* _Work instruction_
Word for word, copy out every line of the records, omitting each picture.

* _Record set_
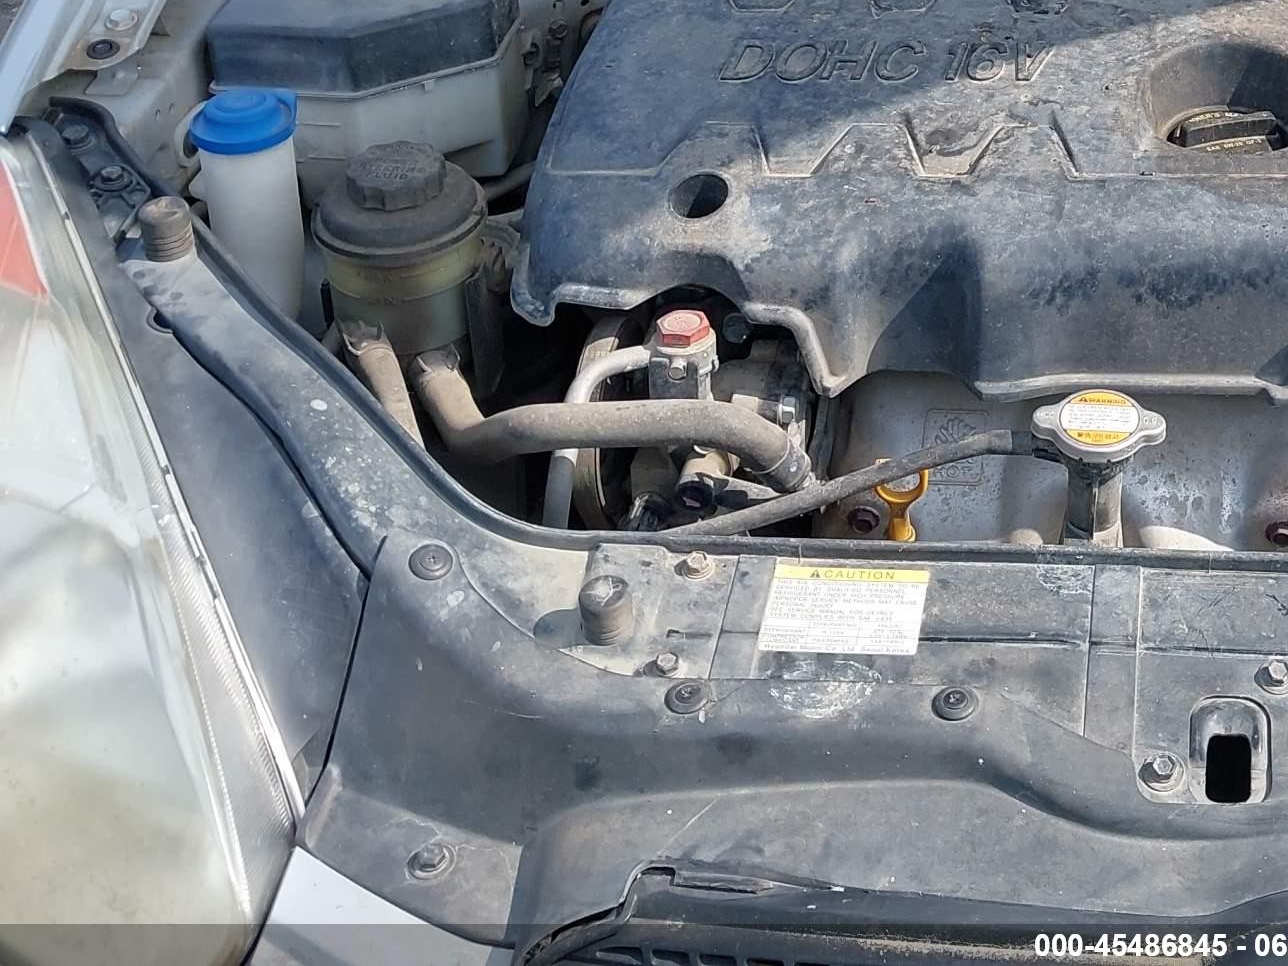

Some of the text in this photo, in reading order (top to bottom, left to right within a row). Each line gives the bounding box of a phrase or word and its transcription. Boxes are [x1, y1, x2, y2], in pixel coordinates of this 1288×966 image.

[719, 40, 1055, 83] DOHC 16V
[1089, 397, 1127, 405] WARNING
[824, 569, 896, 580] CAUTION
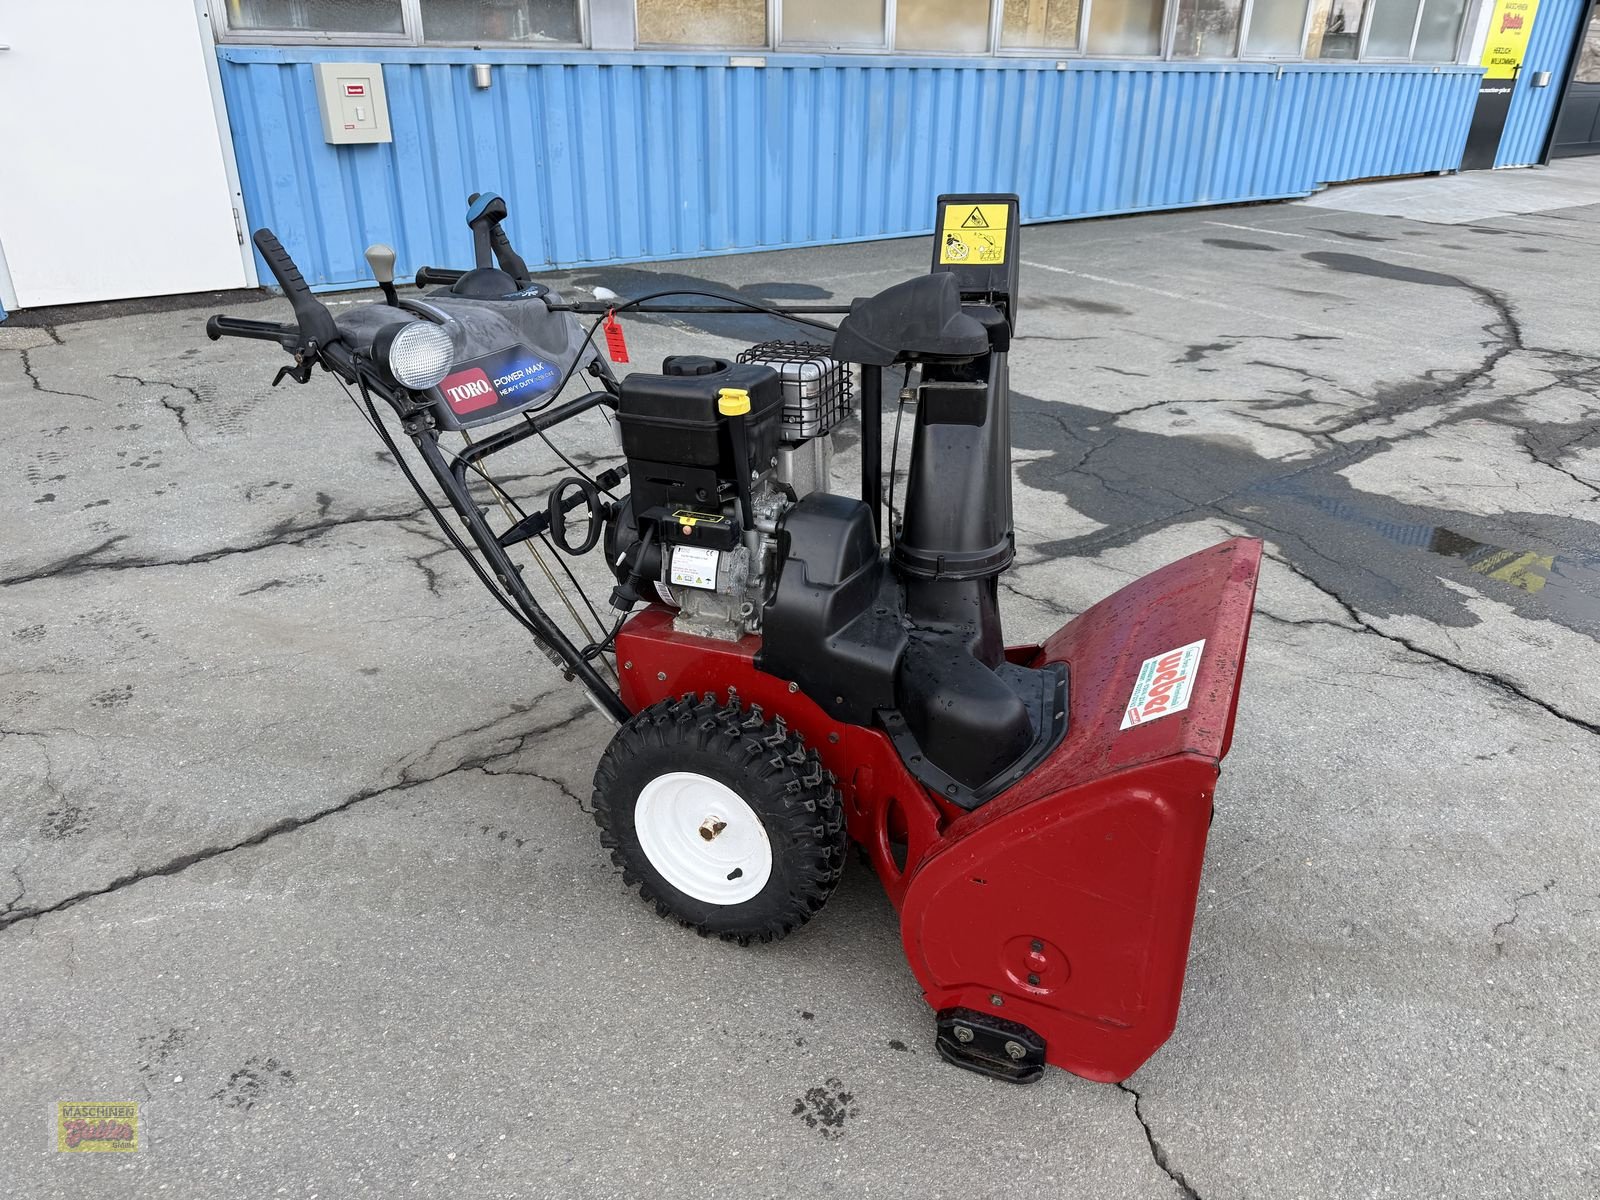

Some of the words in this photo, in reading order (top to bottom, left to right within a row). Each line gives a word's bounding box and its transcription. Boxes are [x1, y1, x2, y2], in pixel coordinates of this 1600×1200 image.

[493, 370, 525, 388] POWER
[525, 362, 545, 375] MAX
[499, 385, 519, 397] HEAVY
[519, 378, 534, 388] DUTY
[1142, 651, 1187, 717] weber
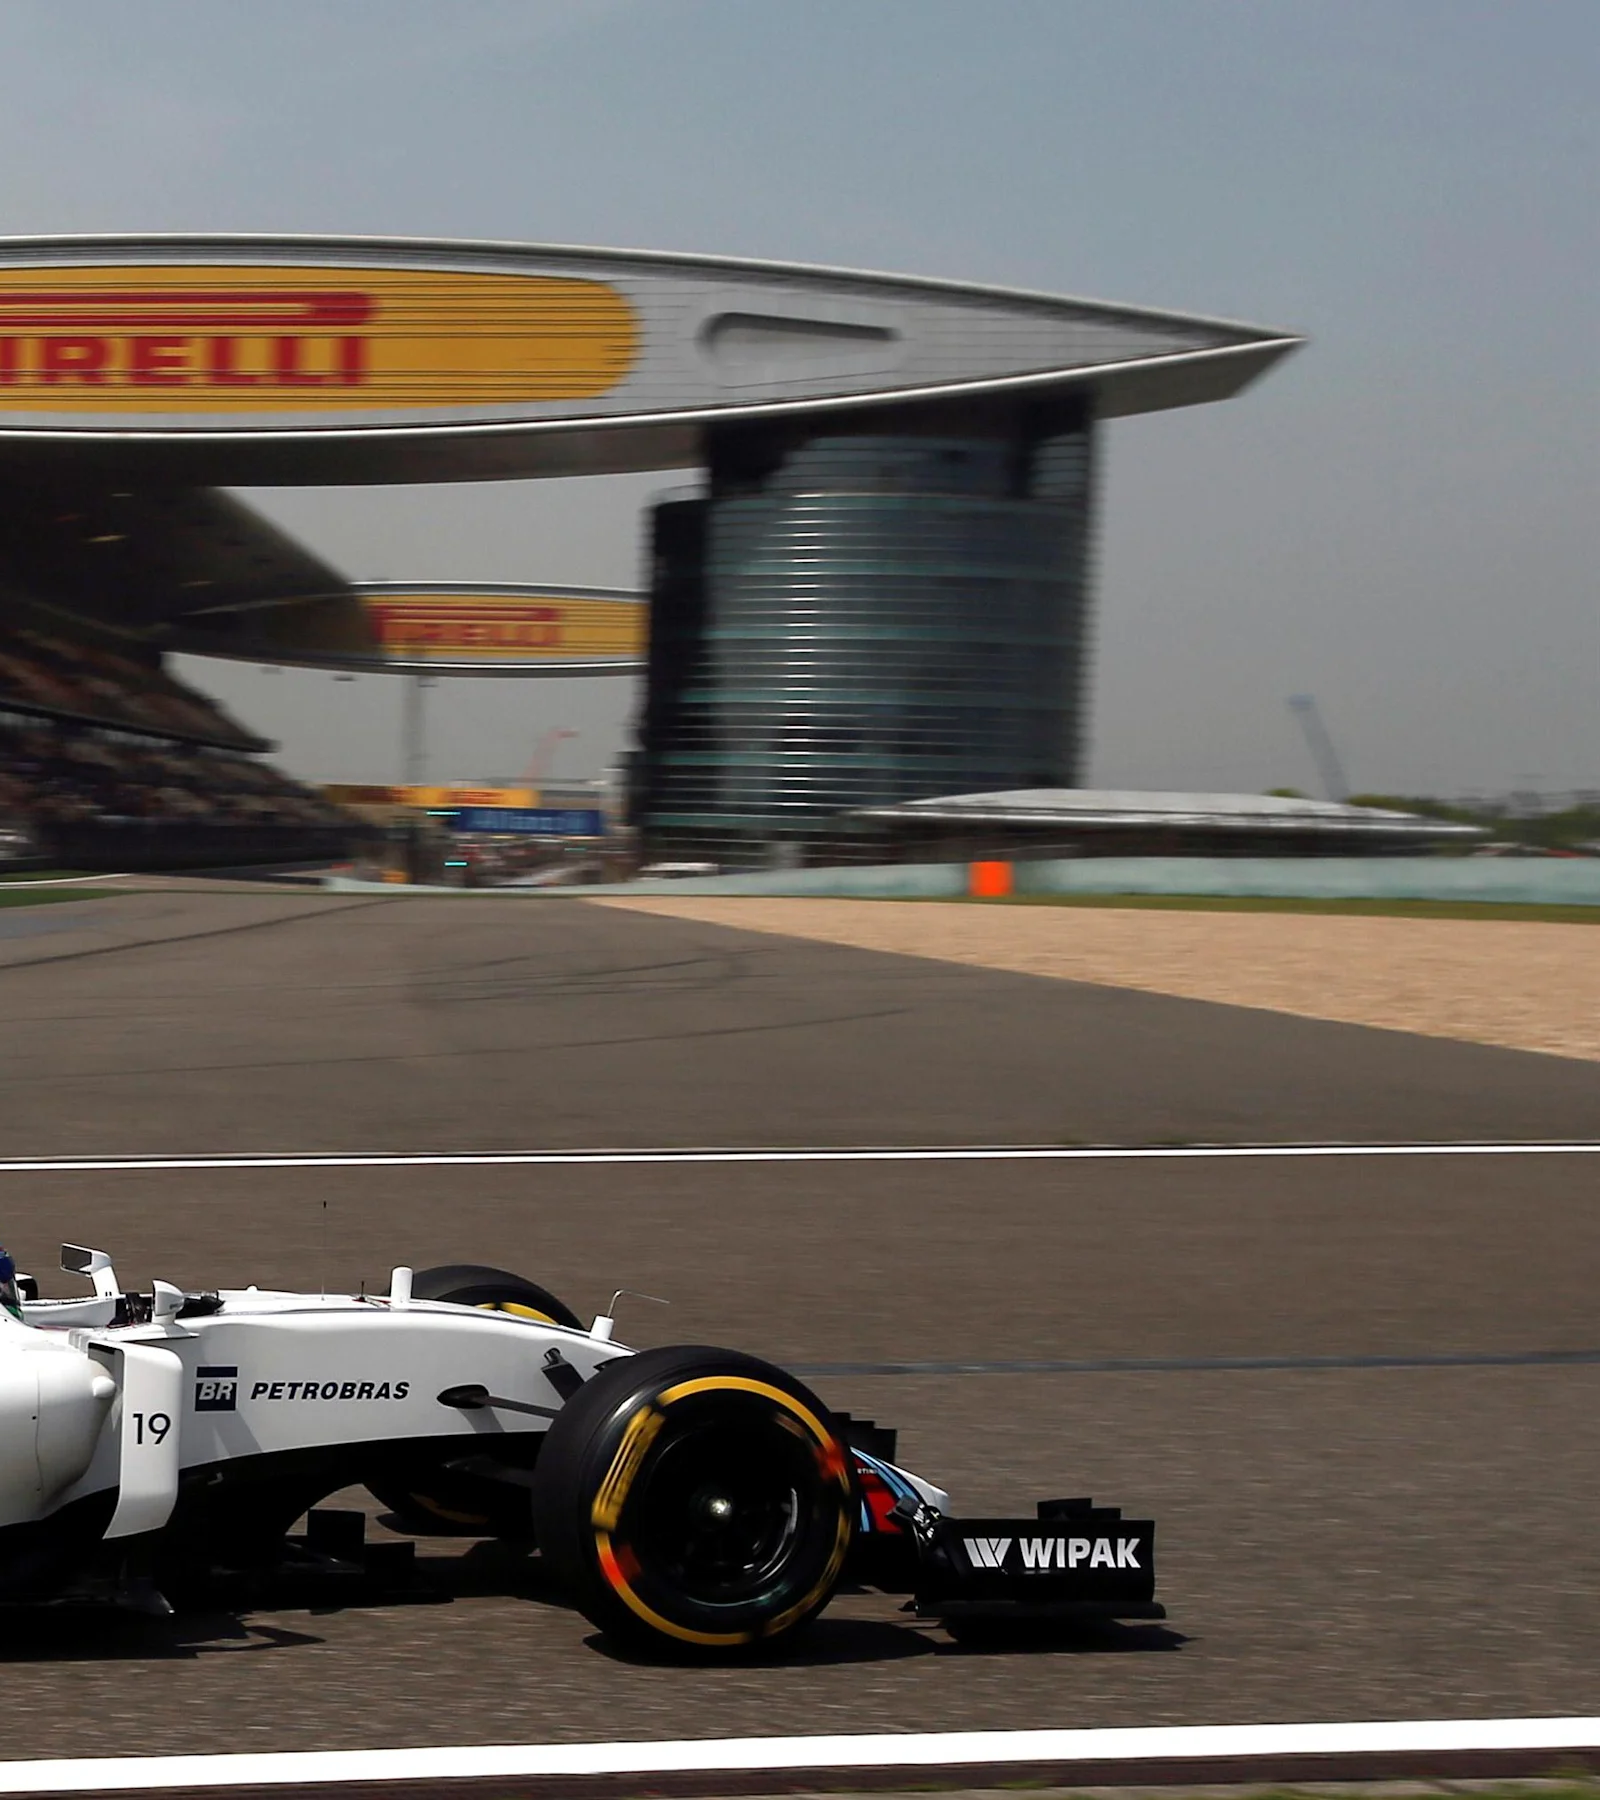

* _Answer space_
Some of the text in this photo, in reading order (top to bottom, left to right within a row). Each line gives the bounding box of a phrase or word and its transcription. Boxes are [x1, y1, x2, y2], in pixel coordinates of this 1288×966 image.

[719, 40, 1055, 83] DOHC 16V
[1089, 397, 1127, 405] WARNING
[824, 569, 896, 580] CAUTION

Some of the words in this photo, in reading order (top to bottom, left to right within a row). Each line gives a word's bounding box and its transcription. Boxes are [x1, y1, x2, y2], in pixel coordinates of this 1600×1200 image.

[493, 370, 525, 388] POWER
[525, 362, 545, 375] MAX
[499, 385, 519, 397] HEAVY
[519, 378, 534, 388] DUTY
[1142, 651, 1187, 717] weber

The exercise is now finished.